- McCready in 1996

Background information
- Born: Malinda Gayle McCready November 30, 1975 Fort Myers, Florida, U.S.
- Origin: Nashville, Tennessee, U.S.
- Died: February 17, 2013 (aged 37) Heber Springs, Arkansas, U.S.
- Cause of death: Suicide by gunshot
- Genres: Country
- Occupation: Singer
- Instrument: Vocals
- Years active: 1995–2013
- Labels: BNA, Capitol Nashville, Iconic

= Mindy McCready =

American country music singer (1975–2013)
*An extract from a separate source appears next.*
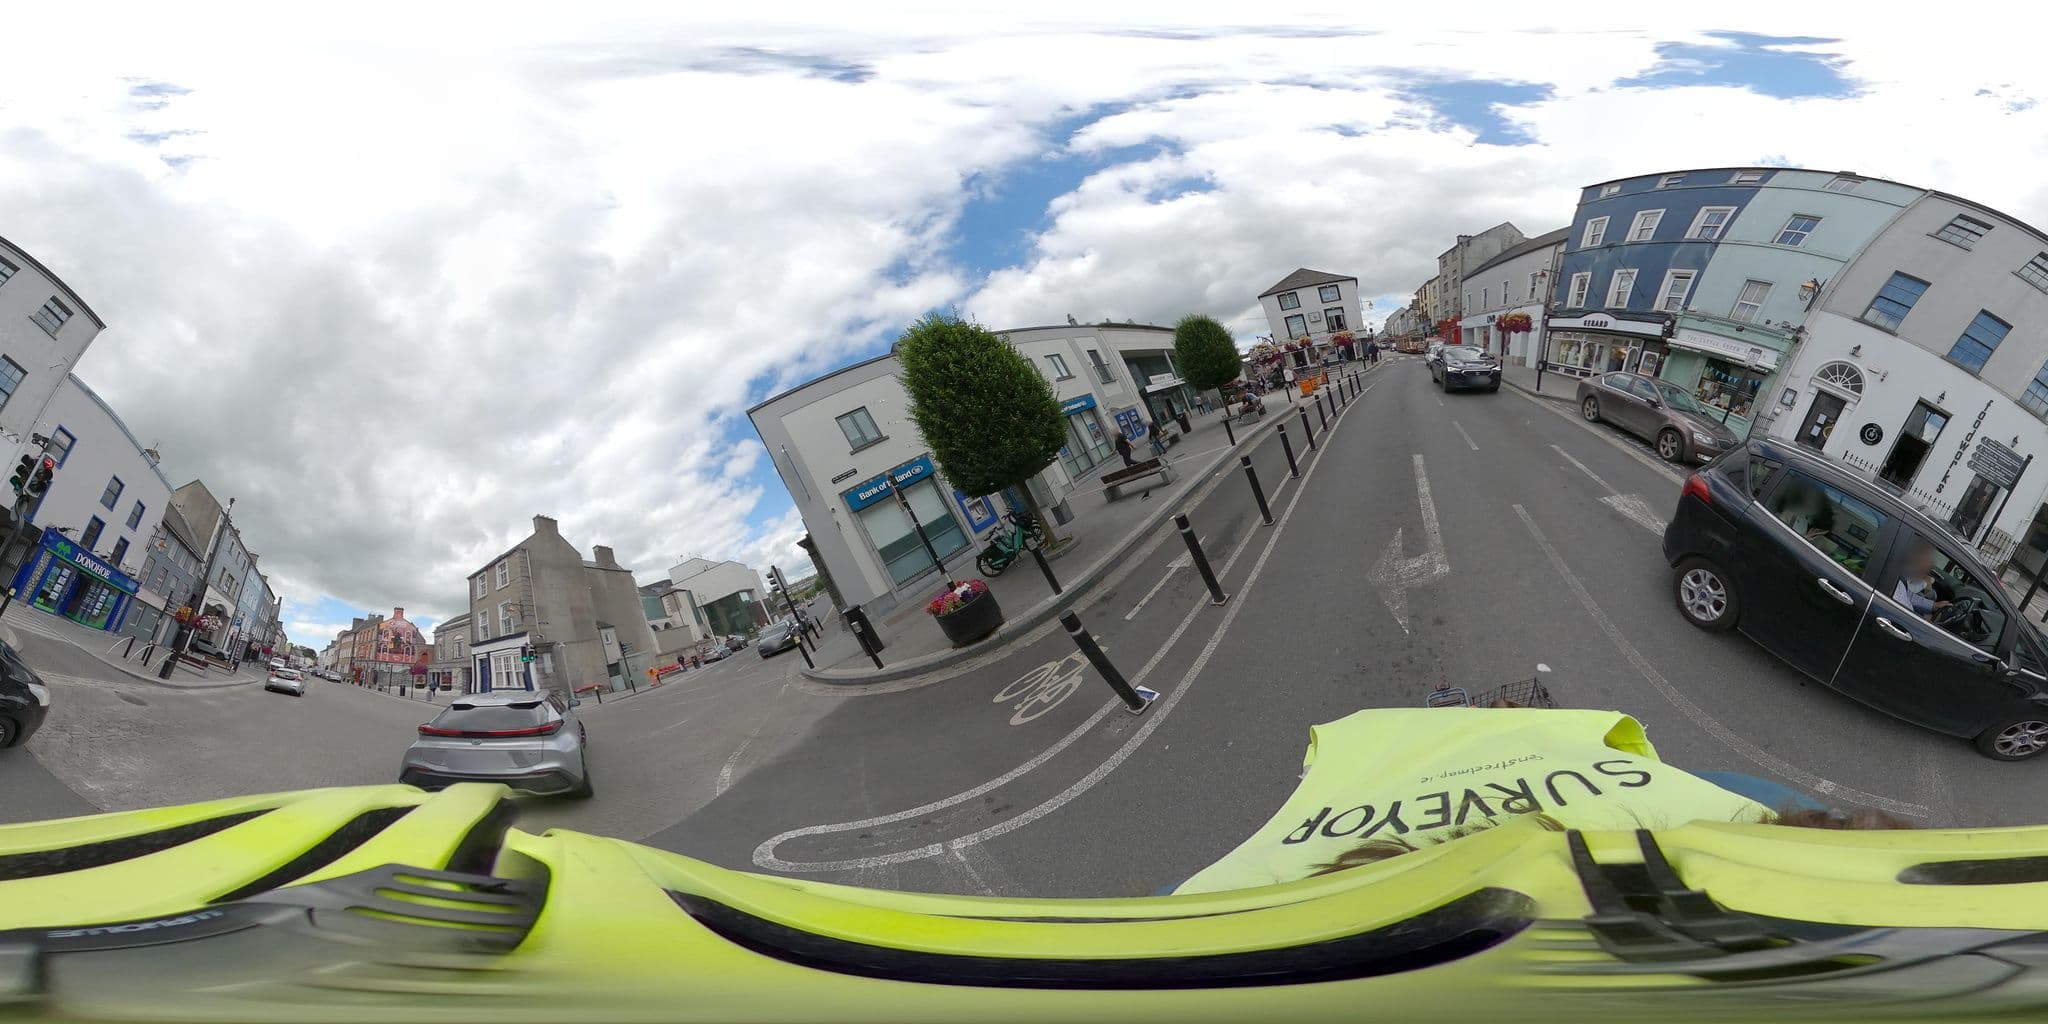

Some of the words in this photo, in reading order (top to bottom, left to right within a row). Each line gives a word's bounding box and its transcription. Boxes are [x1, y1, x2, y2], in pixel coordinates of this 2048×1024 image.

Malinda Gayle McCready (November 30, 1975 – February 17, 2013) was an American country music singer. Active from 1995 until her suicide in 2013, she recorded a total of five studio albums. Her debut album, 1996's Ten Thousand Angels, was released on BNA Records and was certified 2× Platinum by the RIAA, while 1997's If I Don't Stay the Night was certified Gold. 1999's I'm Not So Tough, her final album for BNA, was less successful, and she left the label. A self-titled fourth album followed in 2002 on Capitol Records. McCready's fifth and final studio album, I'm Still Here, was released in March 2010 on Iconic Records.

McCready's first four studio albums yielded twelve singles on the Billboard country singles charts. This figure includes the No. 1 hit "Guys Do It All the Time", as well as the Top 10 hits "Ten Thousand Angels" and "A Girl's Gotta Do (What a Girl's Gotta Do)".

Although she had not charted a single since 2002, McCready received significant media coverage regarding her troubled personal life and suicide attempts and her eventual death by suicide at age 37.

==Career==
===Music===
Born Malinda Gayle McCready in Fort Myers, Florida, McCready began singing in her local Pentecostal church at age 3 and graduated from high school at the age of 16 to begin her music career early.

When she was 18, McCready moved to Nashville, where she was signed by BNA Records. Her debut album, Ten Thousand Angels, was released in 1996 and sold two million copies. The album produced four chart singles on the country charts: the title track at No. 6, followed by her first and only Number One hit, "Guys Do It All the Time". This song, in turn, was succeeded by "Maybe He'll Notice Her Now", a duet with Richie McDonald, then the lead vocalist of Lonestar. The fourth and final single, "A Girl's Gotta Do (What a Girl's Gotta Do)", peaked at No. 4.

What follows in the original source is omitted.